Transparency in government does not require unencrypted radio communications. One popular argument against encryption states that the public loses oversight over government when police communications are encrypted, but encryption doesn't alter the facts that police communications are discoverable as evidence in court, and it's the grand jury that acts as civilian oversight over local government. Grand Juries can easily subpoena decrypted recordings to provide that necessary oversight.
My good friend is a fireman, and he said the P25 radios have enough problems when they're inside burning structures.
That's a common complaint. I look at it like this... (in much simplified terms)
Nyquist theorem states that in order to accurately sample an analog signal and digitize it, the sample rate must be twice the highest frequency to be sampled.
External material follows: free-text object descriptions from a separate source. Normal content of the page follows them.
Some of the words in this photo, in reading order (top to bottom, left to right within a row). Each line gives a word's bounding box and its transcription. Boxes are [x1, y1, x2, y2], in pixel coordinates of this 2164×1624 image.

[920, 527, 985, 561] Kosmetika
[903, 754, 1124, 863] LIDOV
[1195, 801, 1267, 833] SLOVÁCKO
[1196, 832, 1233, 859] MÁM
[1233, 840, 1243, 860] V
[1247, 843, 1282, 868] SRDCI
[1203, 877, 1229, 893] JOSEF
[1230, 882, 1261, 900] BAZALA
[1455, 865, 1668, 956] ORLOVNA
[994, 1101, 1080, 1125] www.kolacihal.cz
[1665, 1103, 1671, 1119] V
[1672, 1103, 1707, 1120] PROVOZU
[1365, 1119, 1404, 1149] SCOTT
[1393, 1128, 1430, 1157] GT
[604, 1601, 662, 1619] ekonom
I don't know, offhand, the sample rate used, but as an example for discussion, telephone transmission uses an 8 KHz sample rate to represent a 4 KHz audio channel. With 8 bit encoding, this results in a 64 kb data rate.
For P25, that raw sample produces a continuously changing digital word that, if it were to be directly modulated to RF, the bandwidth would be VERY very wide, in comparison to allowable channel bandwidths.
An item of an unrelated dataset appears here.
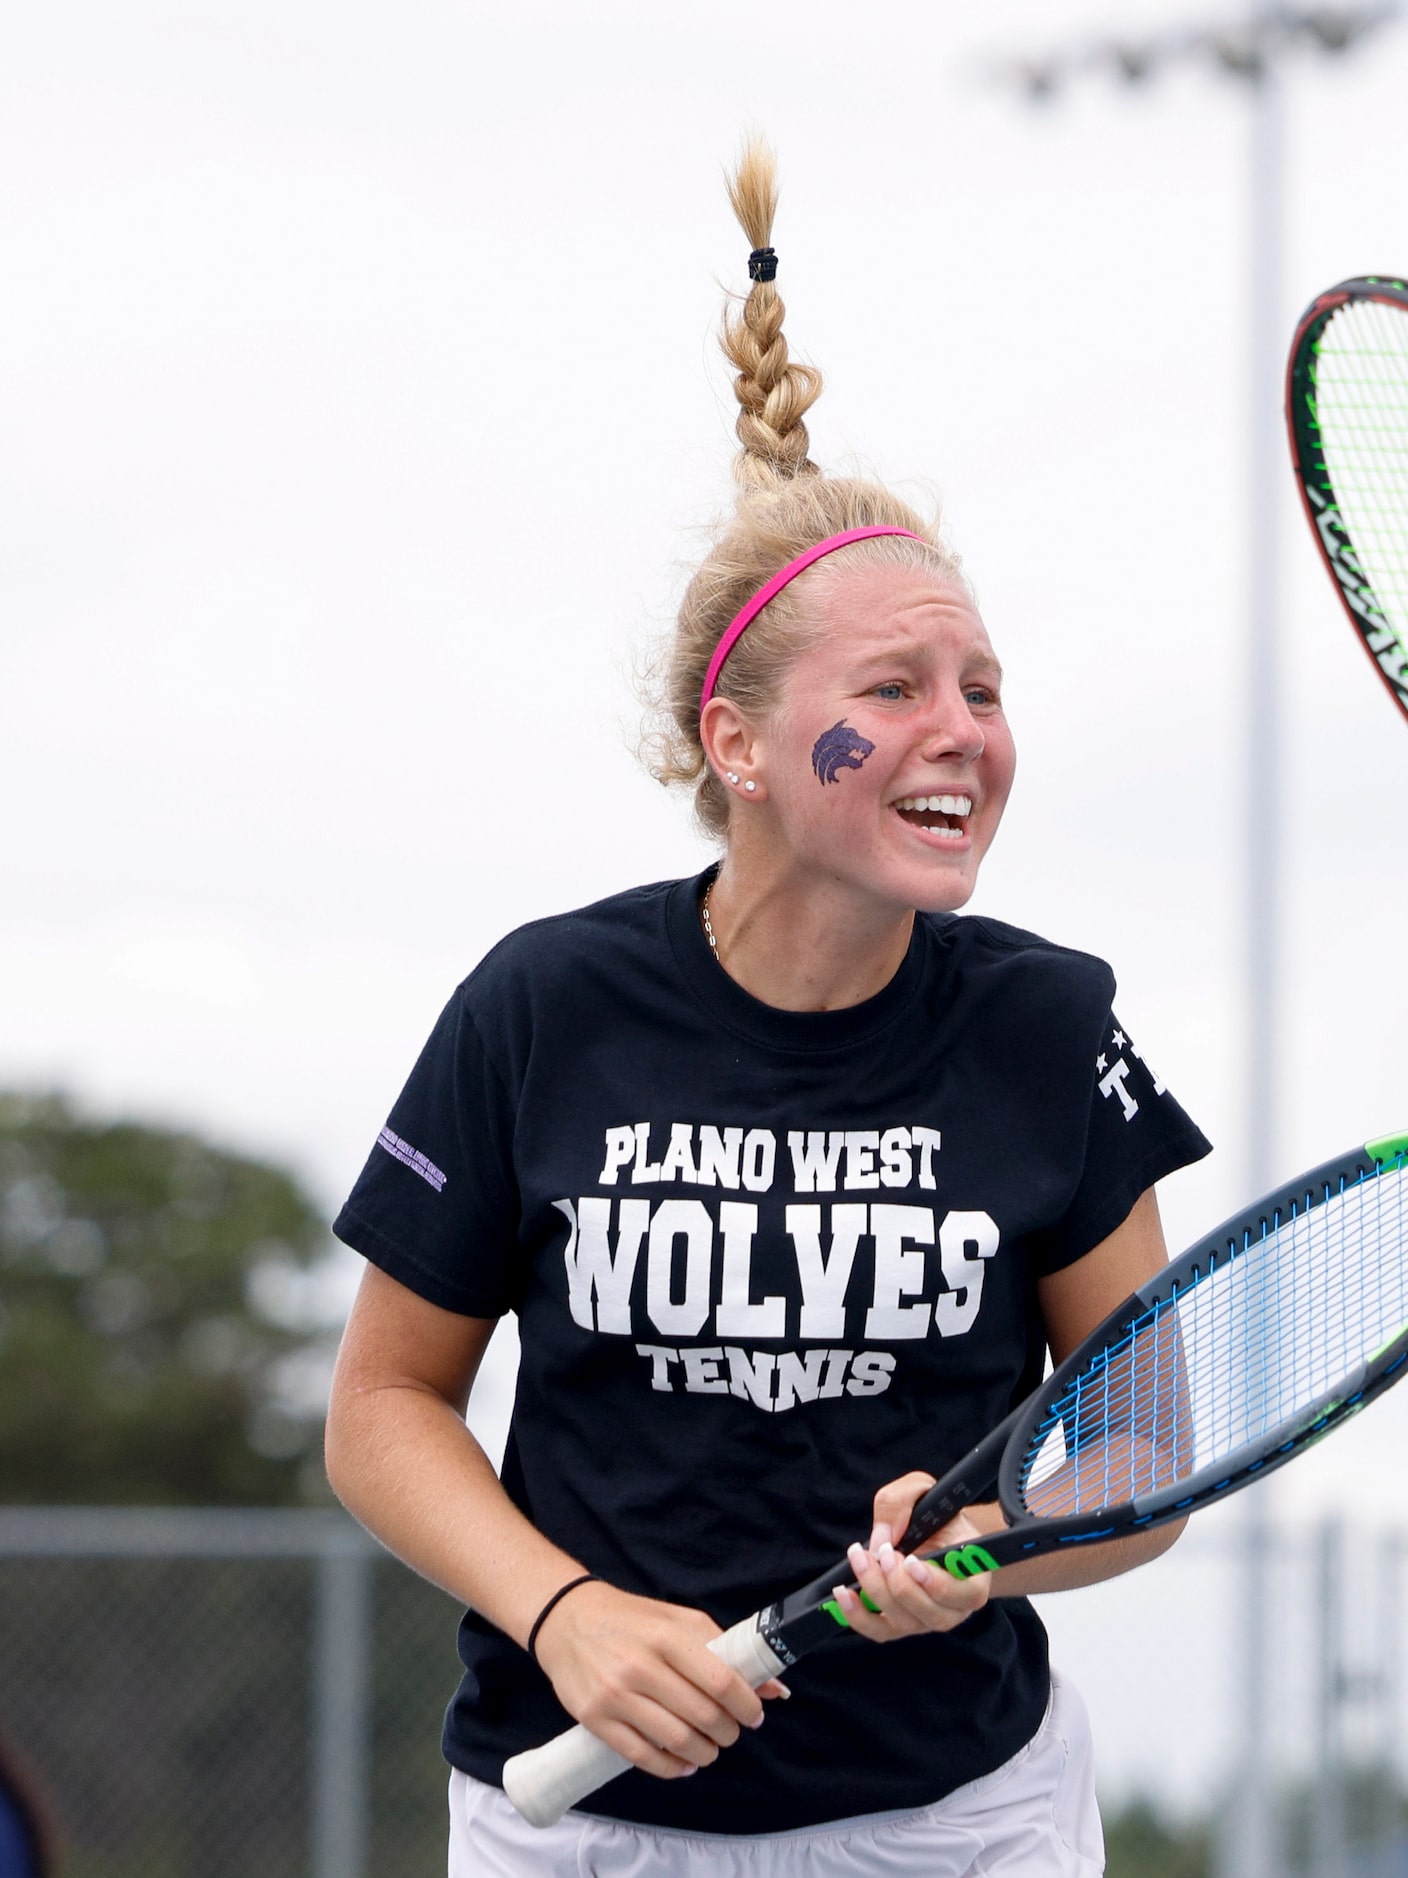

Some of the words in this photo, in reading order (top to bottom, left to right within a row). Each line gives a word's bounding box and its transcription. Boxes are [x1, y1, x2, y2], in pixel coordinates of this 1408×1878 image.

[599, 1122, 776, 1192] PLANO
[788, 1126, 941, 1192] WEST
[552, 1197, 999, 1339] WOLVES
[636, 1344, 896, 1412] TENNIS
So, it undergoes compression via mathematical algorithms that essentially rebuilds the audio from an abbreviated digital instruction set, as opposed to transmitting a full digitized version of the audio.
A lot of fidelity gets lost in the process, because you've taken raw data that runs in several tens of KHz, and reduced it to 12.5 or 6.25 KHz occupied bandwidth. The algorithms are very good, and the complex modulation schemes used to apply it to RF are impressive, but what seems to be lost is voice recognition. It comes out sounding rather generic. Human speech is quite complex, communicating things via inflection and accentuating certain sounds, that simply doesn't translate to highly compressed digital audio. Therefore, it stands to reason, information contained in the original audio is lost in the process.
I've also noted in some tests I've observed that a rapid talker can seemingly "out talk" the algorithms, and the end result is received audio that sounds clear and noise free, but you have to ask for a retransmission because you just didn't understand it. It's an effect that's hard to describe and harder to quantify, but it's the only way I can explain what I've heard on strong, noise free signals, where asking the sender to talk just a bit slower makes a world of difference in intelligibility.
In a fire situation, add a high back ground noise level competing with the voice for the limited number of bits available for transmission, and intelligibility suffers even more.
I'm not at all surprised that the fire service frequently rejects P25 for fireground channels.